[Items from a data source]
=======
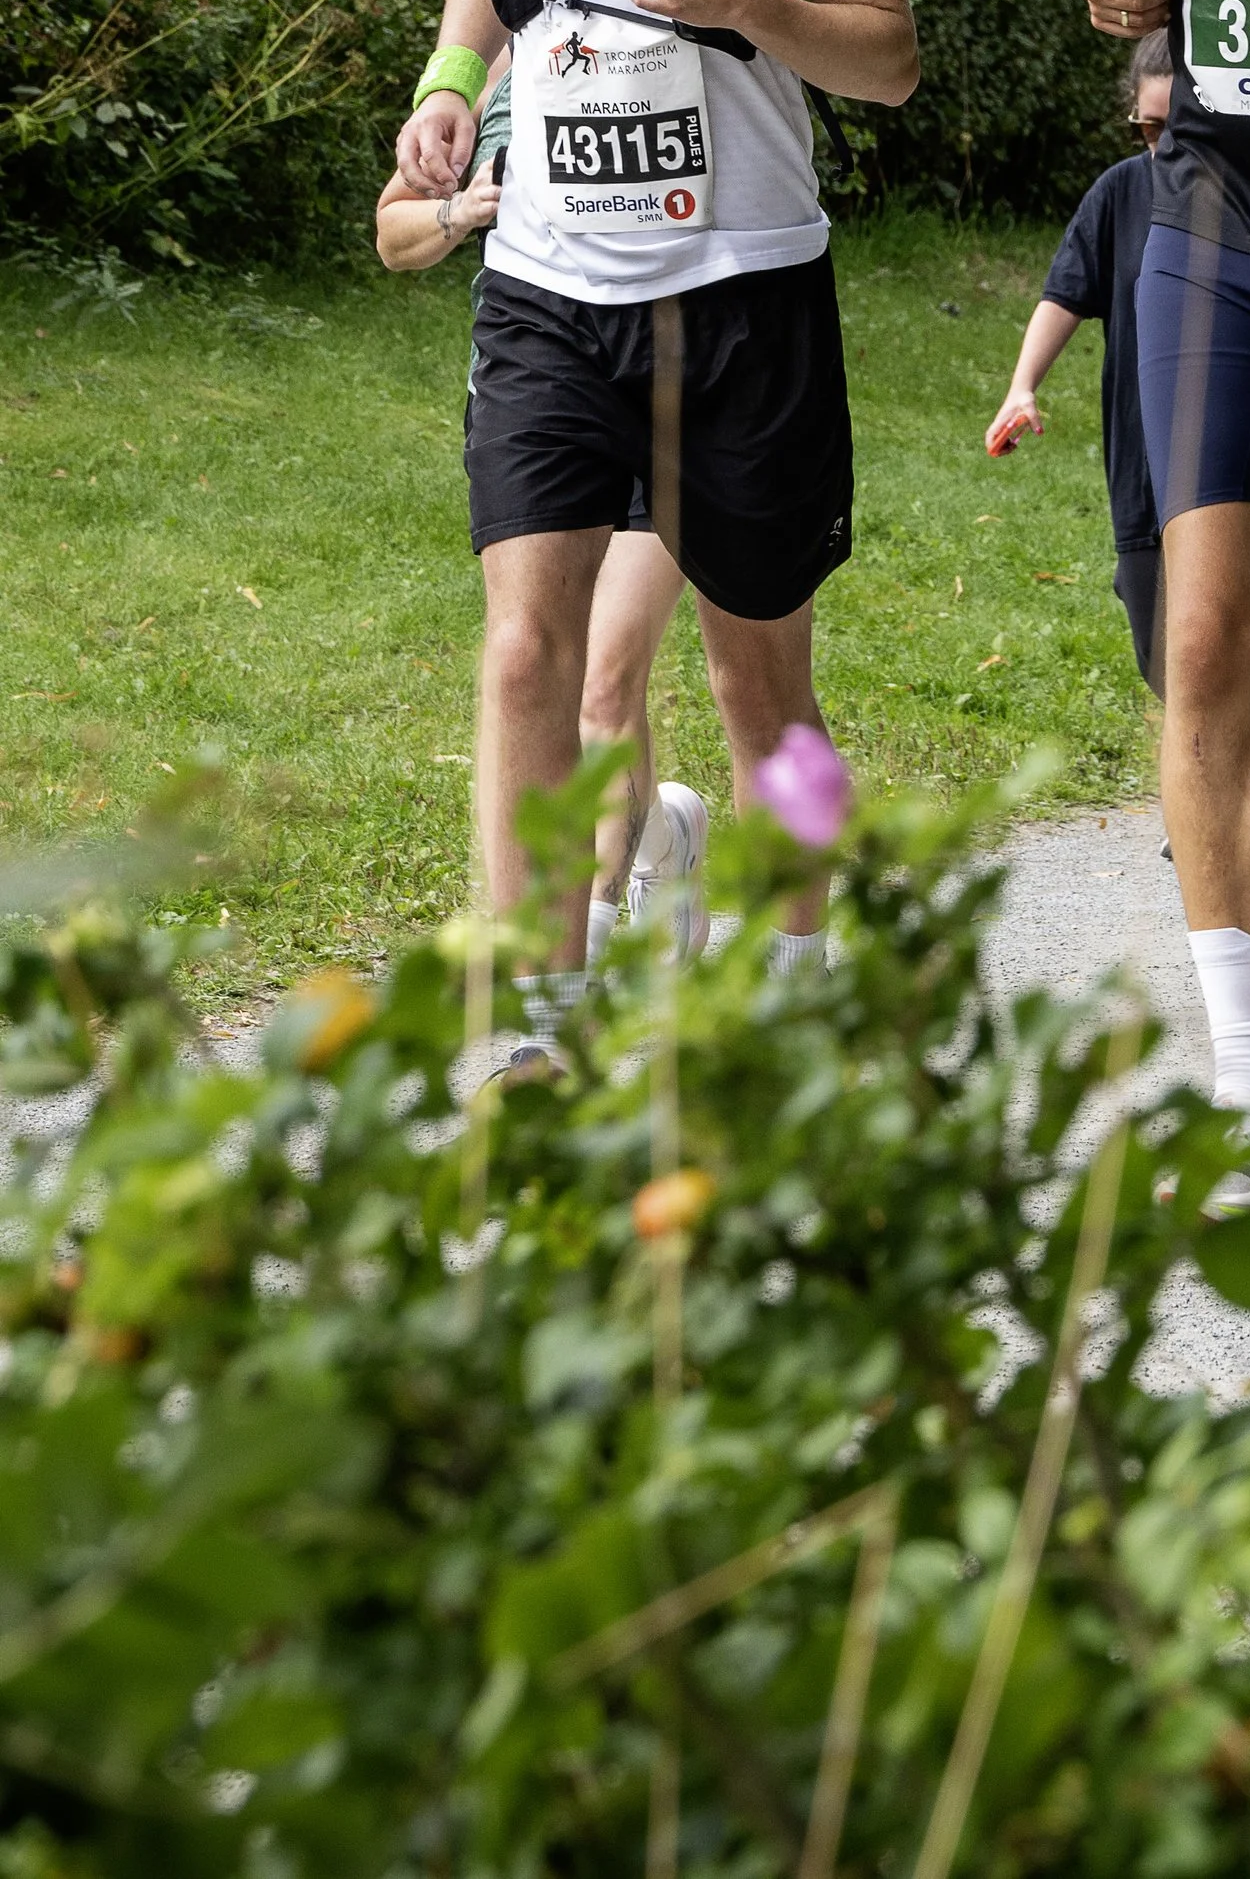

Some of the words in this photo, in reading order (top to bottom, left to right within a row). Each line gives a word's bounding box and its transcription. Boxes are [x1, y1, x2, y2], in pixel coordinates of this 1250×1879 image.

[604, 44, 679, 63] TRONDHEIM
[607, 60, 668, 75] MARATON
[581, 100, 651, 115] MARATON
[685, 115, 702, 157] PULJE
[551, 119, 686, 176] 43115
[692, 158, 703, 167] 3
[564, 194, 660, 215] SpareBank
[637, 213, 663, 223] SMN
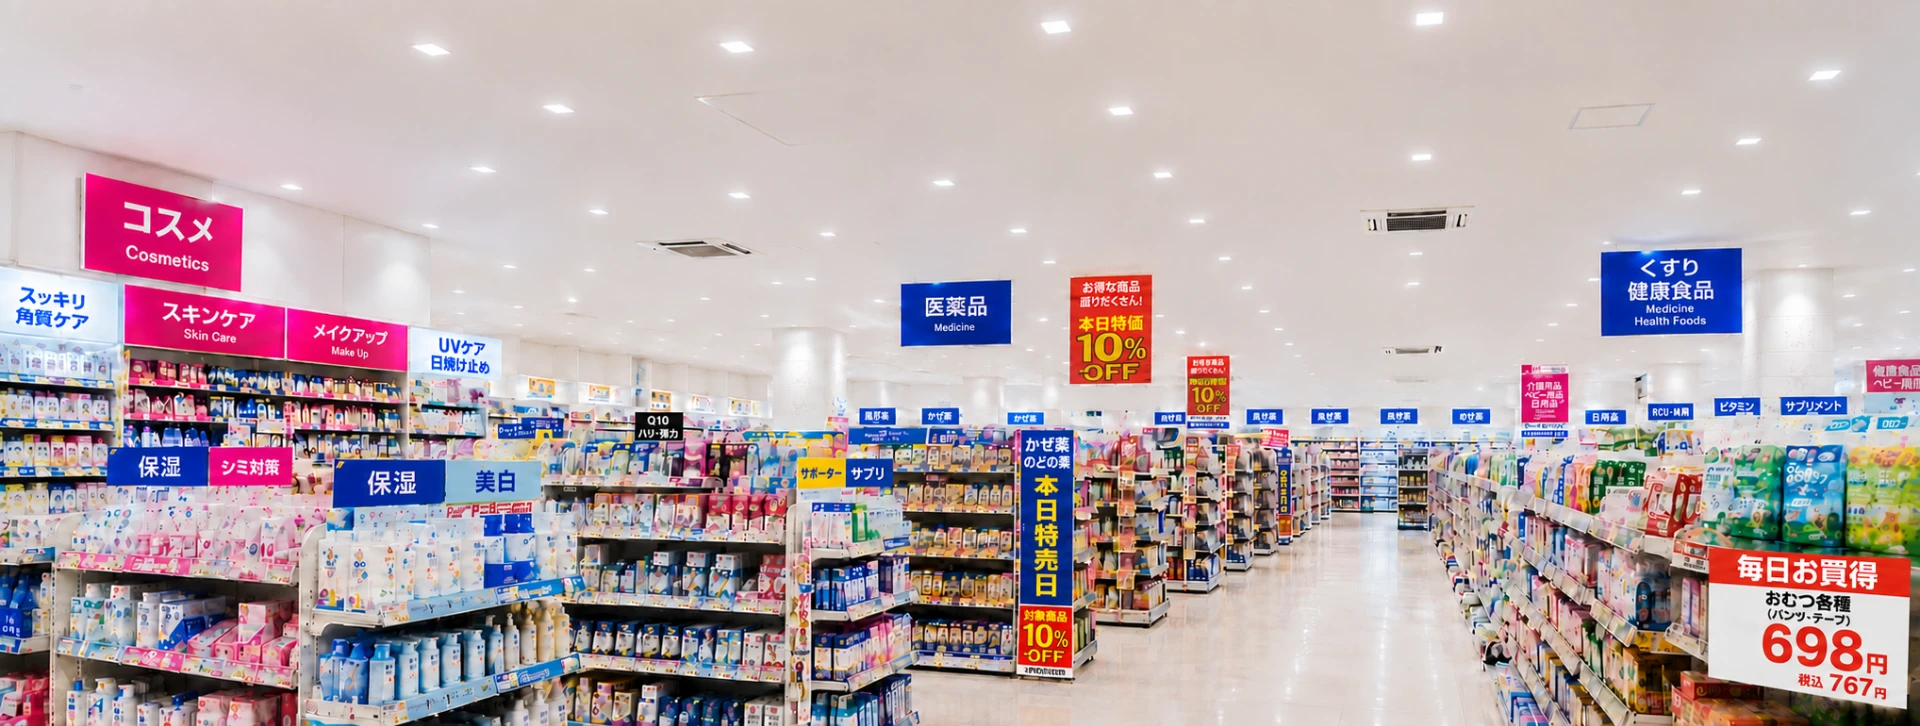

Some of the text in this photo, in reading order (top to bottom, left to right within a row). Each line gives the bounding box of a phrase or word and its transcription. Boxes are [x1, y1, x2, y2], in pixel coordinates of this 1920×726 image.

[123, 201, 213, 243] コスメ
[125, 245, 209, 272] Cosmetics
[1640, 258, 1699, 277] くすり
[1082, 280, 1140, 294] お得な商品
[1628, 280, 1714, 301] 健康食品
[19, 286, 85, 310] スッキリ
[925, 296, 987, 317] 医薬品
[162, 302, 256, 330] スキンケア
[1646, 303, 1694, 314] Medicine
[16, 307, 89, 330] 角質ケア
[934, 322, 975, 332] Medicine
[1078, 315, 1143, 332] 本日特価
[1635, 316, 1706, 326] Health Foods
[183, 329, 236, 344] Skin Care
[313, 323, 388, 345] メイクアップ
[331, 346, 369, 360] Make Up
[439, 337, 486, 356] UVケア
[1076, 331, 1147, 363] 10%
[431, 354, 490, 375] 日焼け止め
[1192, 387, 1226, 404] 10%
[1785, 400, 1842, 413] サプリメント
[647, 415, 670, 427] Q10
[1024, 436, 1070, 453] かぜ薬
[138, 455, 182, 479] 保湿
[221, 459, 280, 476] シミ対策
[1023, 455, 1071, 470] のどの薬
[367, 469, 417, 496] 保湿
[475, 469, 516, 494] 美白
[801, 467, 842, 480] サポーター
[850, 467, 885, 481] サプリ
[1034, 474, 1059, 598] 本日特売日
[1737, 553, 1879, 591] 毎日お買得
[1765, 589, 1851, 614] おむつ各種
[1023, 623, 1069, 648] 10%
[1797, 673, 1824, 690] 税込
=======
■ **Prompt**: Repeat each line of the records exactly. Do not include the pictures.

■ **Solution for this problem**:
Some of the words in this photo, in reading order (top to bottom, left to right within a row). Each line gives a word's bounding box and its transcription. Boxes are [x1, y1, x2, y2], in pixel coordinates of this 1250×1879 image.

[604, 44, 679, 63] TRONDHEIM
[607, 60, 668, 75] MARATON
[581, 100, 651, 115] MARATON
[685, 115, 702, 157] PULJE
[551, 119, 686, 176] 43115
[692, 158, 703, 167] 3
[564, 194, 660, 215] SpareBank
[637, 213, 663, 223] SMN

Some of the text in this photo, in reading order (top to bottom, left to right within a row). Each line gives the bounding box of a phrase or word and its transcription. Boxes are [x1, y1, x2, y2], in pixel coordinates of this 1920×726 image.

[123, 201, 213, 243] コスメ
[125, 245, 209, 272] Cosmetics
[1640, 258, 1699, 277] くすり
[1082, 280, 1140, 294] お得な商品
[1628, 280, 1714, 301] 健康食品
[19, 286, 85, 310] スッキリ
[925, 296, 987, 317] 医薬品
[162, 302, 256, 330] スキンケア
[1646, 303, 1694, 314] Medicine
[16, 307, 89, 330] 角質ケア
[934, 322, 975, 332] Medicine
[1078, 315, 1143, 332] 本日特価
[1635, 316, 1706, 326] Health Foods
[183, 329, 236, 344] Skin Care
[313, 323, 388, 345] メイクアップ
[331, 346, 369, 360] Make Up
[439, 337, 486, 356] UVケア
[1076, 331, 1147, 363] 10%
[431, 354, 490, 375] 日焼け止め
[1192, 387, 1226, 404] 10%
[1785, 400, 1842, 413] サプリメント
[647, 415, 670, 427] Q10
[1024, 436, 1070, 453] かぜ薬
[138, 455, 182, 479] 保湿
[221, 459, 280, 476] シミ対策
[1023, 455, 1071, 470] のどの薬
[367, 469, 417, 496] 保湿
[475, 469, 516, 494] 美白
[801, 467, 842, 480] サポーター
[850, 467, 885, 481] サプリ
[1034, 474, 1059, 598] 本日特売日
[1737, 553, 1879, 591] 毎日お買得
[1765, 589, 1851, 614] おむつ各種
[1023, 623, 1069, 648] 10%
[1797, 673, 1824, 690] 税込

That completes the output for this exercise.